_REQUIREMENT_:
When you reproduce the entries below, keep each one exact and drop any pictures.
======== INPUT MATERIAL
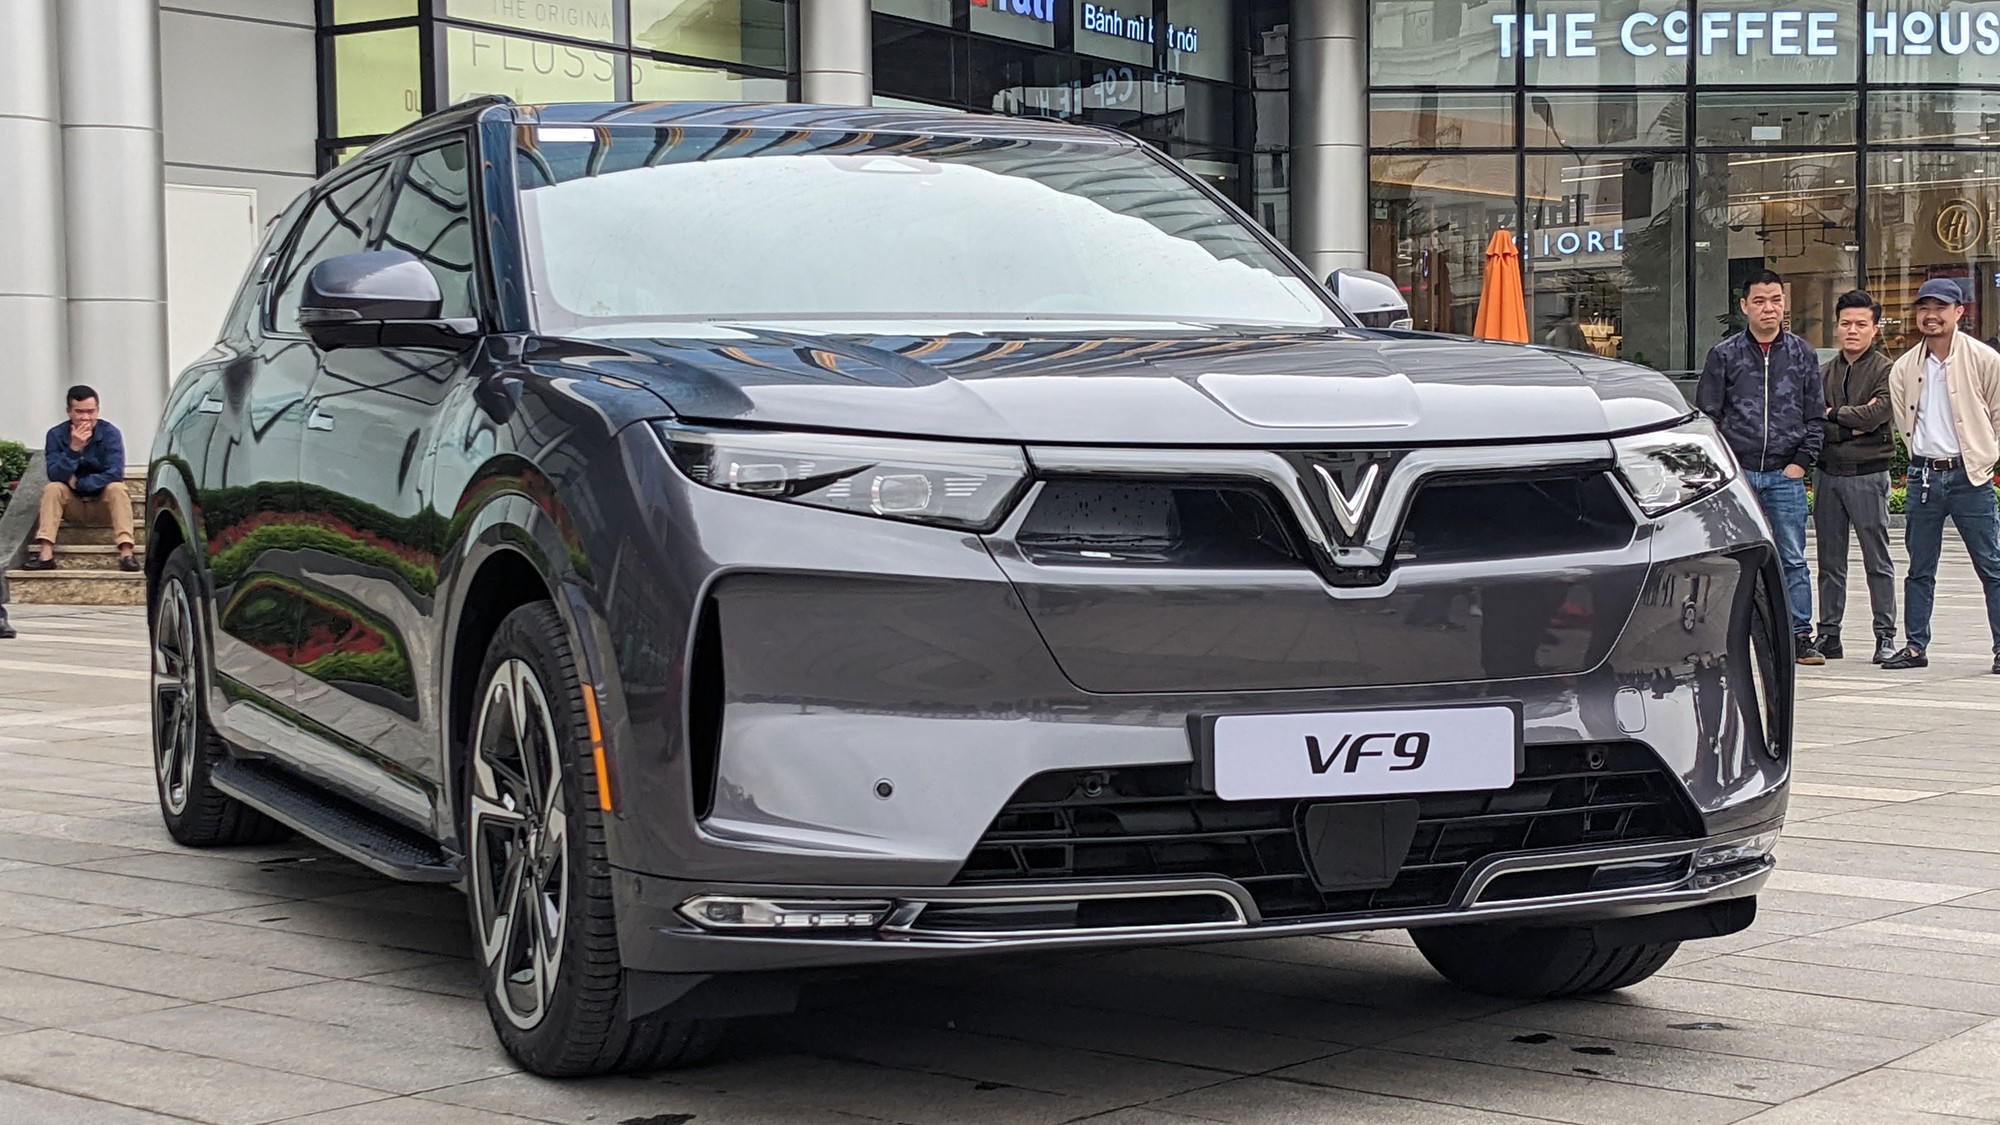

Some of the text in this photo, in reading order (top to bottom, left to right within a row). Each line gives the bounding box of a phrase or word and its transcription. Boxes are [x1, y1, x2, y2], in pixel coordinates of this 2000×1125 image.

[1084, 4, 1123, 36] Bánh
[1126, 15, 1145, 41] mì
[1177, 27, 1197, 53] nói
[1491, 12, 1597, 58] THE
[1620, 10, 1838, 57] COFFEE
[1304, 731, 1430, 775] VF9
================
_RESPONSE FOR THIS EXERCISE_:
Some of the text in this photo, in reading order (top to bottom, left to right within a row). Each line gives the bounding box of a phrase or word and its transcription. Boxes are [x1, y1, x2, y2], in pixel coordinates of this 2000×1125 image.

[1084, 4, 1123, 36] Bánh
[1126, 15, 1145, 41] mì
[1177, 27, 1197, 53] nói
[1491, 12, 1597, 58] THE
[1620, 10, 1838, 57] COFFEE
[1304, 731, 1430, 775] VF9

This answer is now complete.